▶ [Required work] Copy the entries below word for word, minus the pictures.

(Saved entries)
──────────────────────────────
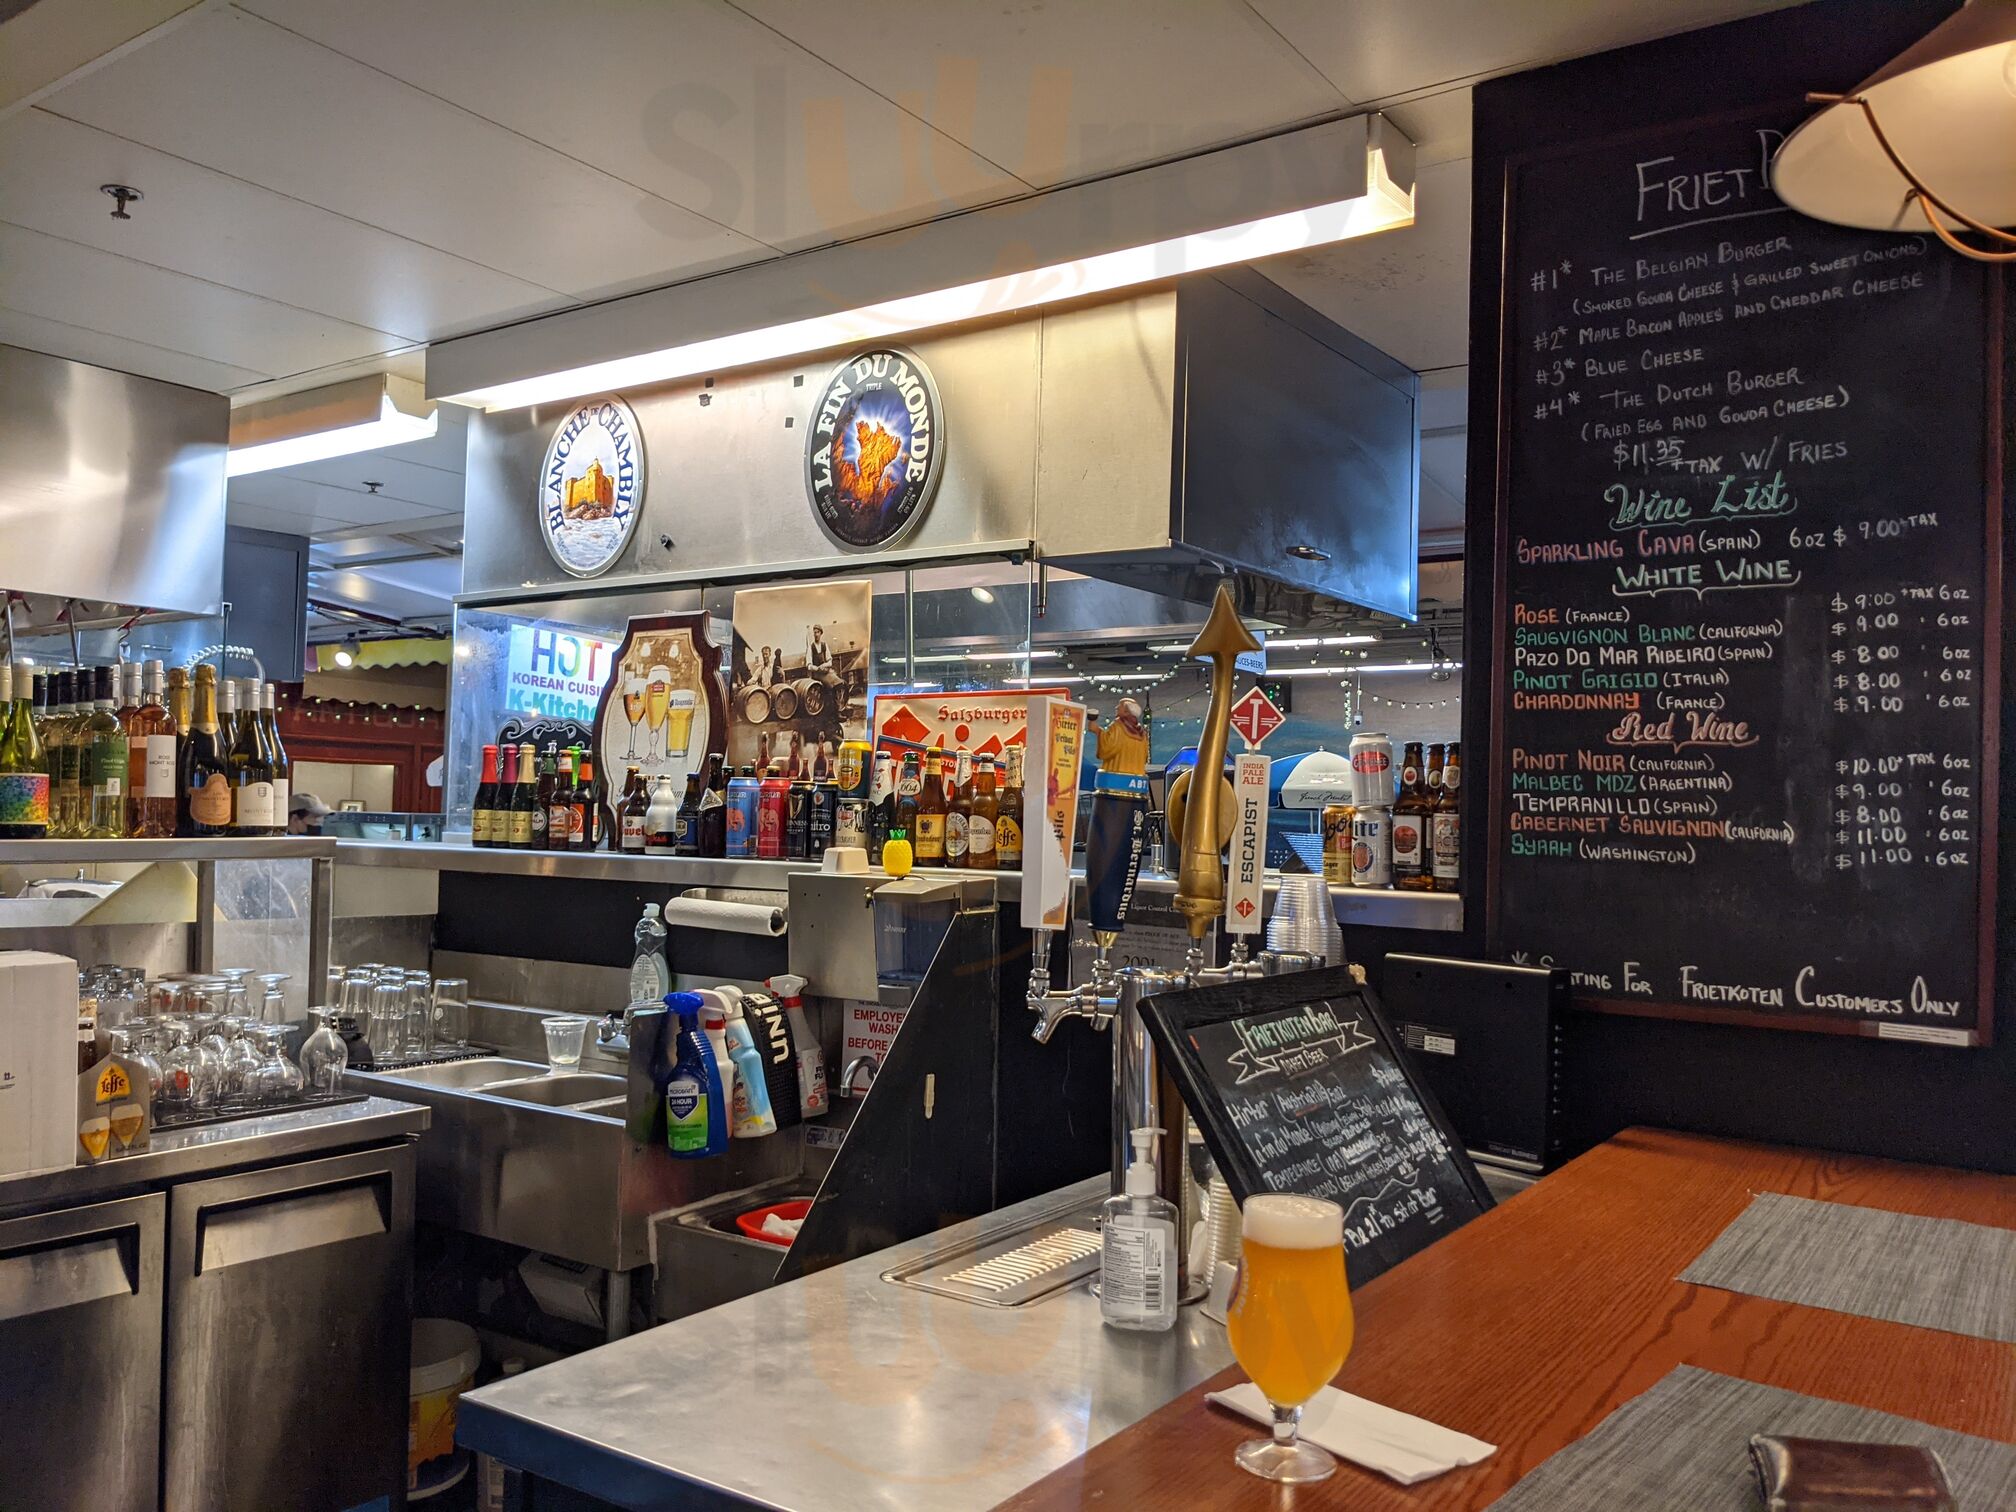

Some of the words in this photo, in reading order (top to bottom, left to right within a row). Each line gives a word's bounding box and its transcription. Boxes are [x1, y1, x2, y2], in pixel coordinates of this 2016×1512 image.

[1636, 156, 1753, 222] FRIET
[1591, 267, 1626, 286] THE
[1636, 252, 1709, 280] BELGIAN
[1717, 236, 1792, 264] BURGER
[1637, 291, 1674, 306] GOUDA
[1678, 281, 1724, 301] CHEESE
[1744, 266, 1802, 286] GRILLED
[1809, 254, 1859, 275] SWEET
[1579, 325, 1621, 345] MAPLE
[1625, 318, 1672, 338] BACON
[1678, 308, 1724, 328] APPLES
[1735, 304, 1766, 319] AND
[1770, 286, 1844, 310] CHEDDAR
[1853, 273, 1924, 296] CHEESE
[851, 354, 893, 385] DU
[1585, 358, 1629, 378] BLUE
[1641, 348, 1704, 371] CHEESE
[1599, 390, 1645, 409] THE
[1657, 382, 1713, 405] DUTCH
[1726, 367, 1804, 395] BURGER
[816, 377, 851, 436] FIN
[1637, 419, 1663, 434] EGG
[1672, 414, 1707, 431] AND
[1718, 405, 1768, 423] GOUDA
[890, 361, 930, 483] MONDE
[814, 442, 833, 493] LA
[1788, 441, 1848, 465] FRIES
[548, 406, 590, 535] BLANCHE
[598, 402, 634, 531] CHAMBLY
[1604, 484, 1693, 524] Wine
[1711, 470, 1789, 513] List
[1518, 538, 1624, 564] SPARKLING
[1638, 529, 1695, 556] CAVA
[1699, 529, 1761, 553] (SPAIN)
[1617, 563, 1702, 589] WHITE
[1715, 557, 1793, 584] WINE
[1514, 603, 1559, 624] ROSE
[1565, 605, 1631, 624] (FRANCE)
[1638, 624, 1696, 643] BLANC
[1699, 618, 1784, 640] (CALIFORNIA)
[531, 629, 603, 681] HOT
[1514, 647, 1559, 667] PAZO
[1566, 648, 1591, 666] DO
[1599, 647, 1638, 665] MAR
[1647, 646, 1716, 664] RIBEIRO
[1717, 641, 1773, 660] (SPAIN)
[512, 671, 565, 691] KOREAN
[1513, 670, 1572, 690] PINOT
[1582, 668, 1658, 689] GRIGIO
[1663, 668, 1730, 686] (ITALIA)
[937, 704, 1028, 724] Salzburger
[1513, 691, 1641, 711] CHARDONNAY
[1656, 692, 1725, 711] (FRANCE)
[1613, 713, 1675, 742] Red
[1686, 711, 1749, 742] Wine
[1243, 769, 1264, 777] PALE
[1512, 749, 1568, 771] PINOT
[1578, 753, 1625, 772] NOIR
[1629, 753, 1715, 772] (CALIFORNIA)
[1242, 776, 1264, 785] ALE
[1512, 773, 1583, 791] MALBEC
[1596, 774, 1637, 792] MDZ
[1639, 772, 1733, 792] (ARGENTINA)
[1513, 794, 1650, 815] TEMPRANILLO
[1653, 795, 1718, 816] (SPAIN)
[1510, 813, 1610, 833] CABERNET
[1619, 815, 1724, 838] SAUVIGNON
[1241, 797, 1258, 885] ESCAPIST
[1579, 838, 1696, 865] (WASHINGTON)
[1623, 962, 1653, 995] FOR
[1680, 965, 1783, 1007] FRIETKOTEN
[1795, 966, 1903, 1015] CUSTOMERS
[1911, 976, 1959, 1017] ONLY
[848, 1037, 888, 1051] BEFORE
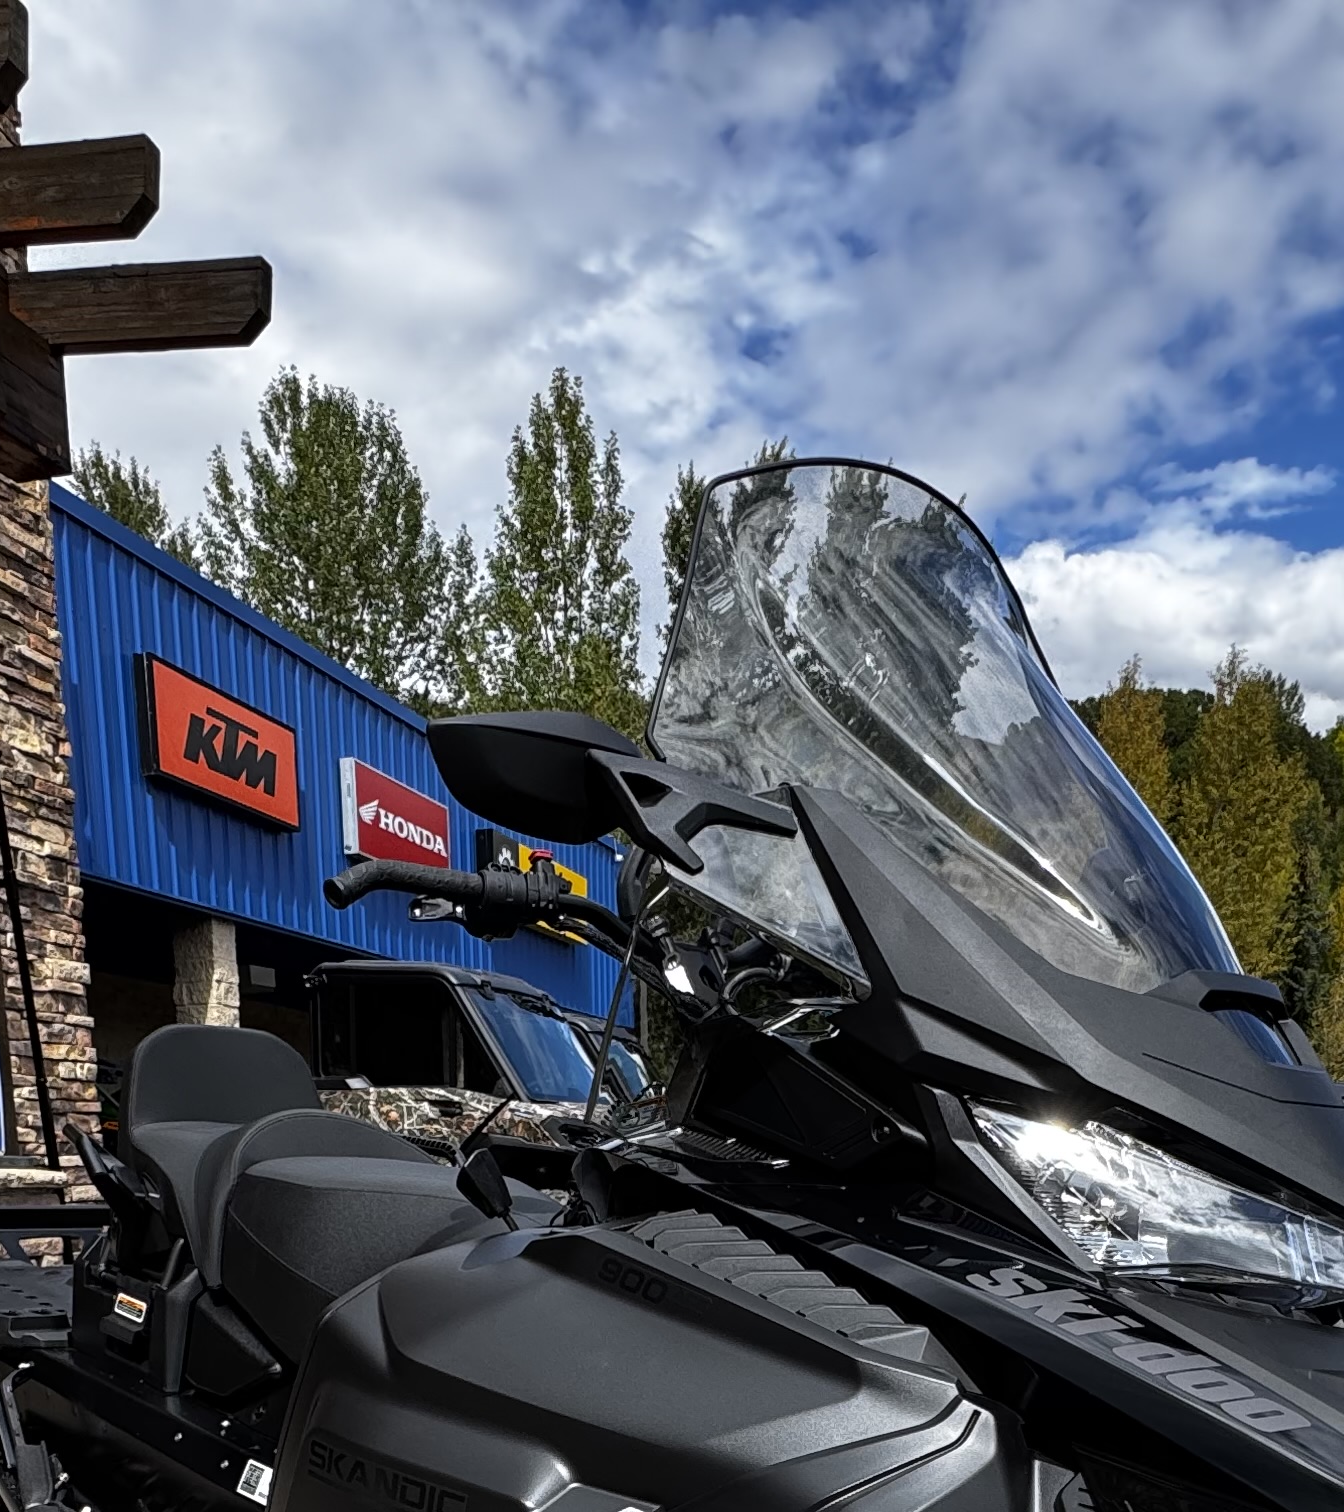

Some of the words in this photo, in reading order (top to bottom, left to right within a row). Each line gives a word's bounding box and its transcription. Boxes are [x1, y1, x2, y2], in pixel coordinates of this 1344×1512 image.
──────────────────────────────
▶ [Response below]
Some of the words in this photo, in reading order (top to bottom, left to right within a row). Each line gives a word's bounding box and its transcription. Boxes are [x1, y1, x2, y2], in pixel coordinates of this 2016×1512 image.

[1636, 156, 1753, 222] FRIET
[1591, 267, 1626, 286] THE
[1636, 252, 1709, 280] BELGIAN
[1717, 236, 1792, 264] BURGER
[1637, 291, 1674, 306] GOUDA
[1678, 281, 1724, 301] CHEESE
[1744, 266, 1802, 286] GRILLED
[1809, 254, 1859, 275] SWEET
[1579, 325, 1621, 345] MAPLE
[1625, 318, 1672, 338] BACON
[1678, 308, 1724, 328] APPLES
[1735, 304, 1766, 319] AND
[1770, 286, 1844, 310] CHEDDAR
[1853, 273, 1924, 296] CHEESE
[851, 354, 893, 385] DU
[1585, 358, 1629, 378] BLUE
[1641, 348, 1704, 371] CHEESE
[1599, 390, 1645, 409] THE
[1657, 382, 1713, 405] DUTCH
[1726, 367, 1804, 395] BURGER
[816, 377, 851, 436] FIN
[1637, 419, 1663, 434] EGG
[1672, 414, 1707, 431] AND
[1718, 405, 1768, 423] GOUDA
[890, 361, 930, 483] MONDE
[814, 442, 833, 493] LA
[1788, 441, 1848, 465] FRIES
[548, 406, 590, 535] BLANCHE
[598, 402, 634, 531] CHAMBLY
[1604, 484, 1693, 524] Wine
[1711, 470, 1789, 513] List
[1518, 538, 1624, 564] SPARKLING
[1638, 529, 1695, 556] CAVA
[1699, 529, 1761, 553] (SPAIN)
[1617, 563, 1702, 589] WHITE
[1715, 557, 1793, 584] WINE
[1514, 603, 1559, 624] ROSE
[1565, 605, 1631, 624] (FRANCE)
[1638, 624, 1696, 643] BLANC
[1699, 618, 1784, 640] (CALIFORNIA)
[531, 629, 603, 681] HOT
[1514, 647, 1559, 667] PAZO
[1566, 648, 1591, 666] DO
[1599, 647, 1638, 665] MAR
[1647, 646, 1716, 664] RIBEIRO
[1717, 641, 1773, 660] (SPAIN)
[512, 671, 565, 691] KOREAN
[1513, 670, 1572, 690] PINOT
[1582, 668, 1658, 689] GRIGIO
[1663, 668, 1730, 686] (ITALIA)
[937, 704, 1028, 724] Salzburger
[1513, 691, 1641, 711] CHARDONNAY
[1656, 692, 1725, 711] (FRANCE)
[1613, 713, 1675, 742] Red
[1686, 711, 1749, 742] Wine
[1243, 769, 1264, 777] PALE
[1512, 749, 1568, 771] PINOT
[1578, 753, 1625, 772] NOIR
[1629, 753, 1715, 772] (CALIFORNIA)
[1242, 776, 1264, 785] ALE
[1512, 773, 1583, 791] MALBEC
[1596, 774, 1637, 792] MDZ
[1639, 772, 1733, 792] (ARGENTINA)
[1513, 794, 1650, 815] TEMPRANILLO
[1653, 795, 1718, 816] (SPAIN)
[1510, 813, 1610, 833] CABERNET
[1619, 815, 1724, 838] SAUVIGNON
[1241, 797, 1258, 885] ESCAPIST
[1579, 838, 1696, 865] (WASHINGTON)
[1623, 962, 1653, 995] FOR
[1680, 965, 1783, 1007] FRIETKOTEN
[1795, 966, 1903, 1015] CUSTOMERS
[1911, 976, 1959, 1017] ONLY
[848, 1037, 888, 1051] BEFORE

Some of the words in this photo, in reading order (top to bottom, left to right within a row). Each line gives a word's bounding box and its transcription. Boxes are [x1, y1, x2, y2], in pixel coordinates of this 1344×1512 image.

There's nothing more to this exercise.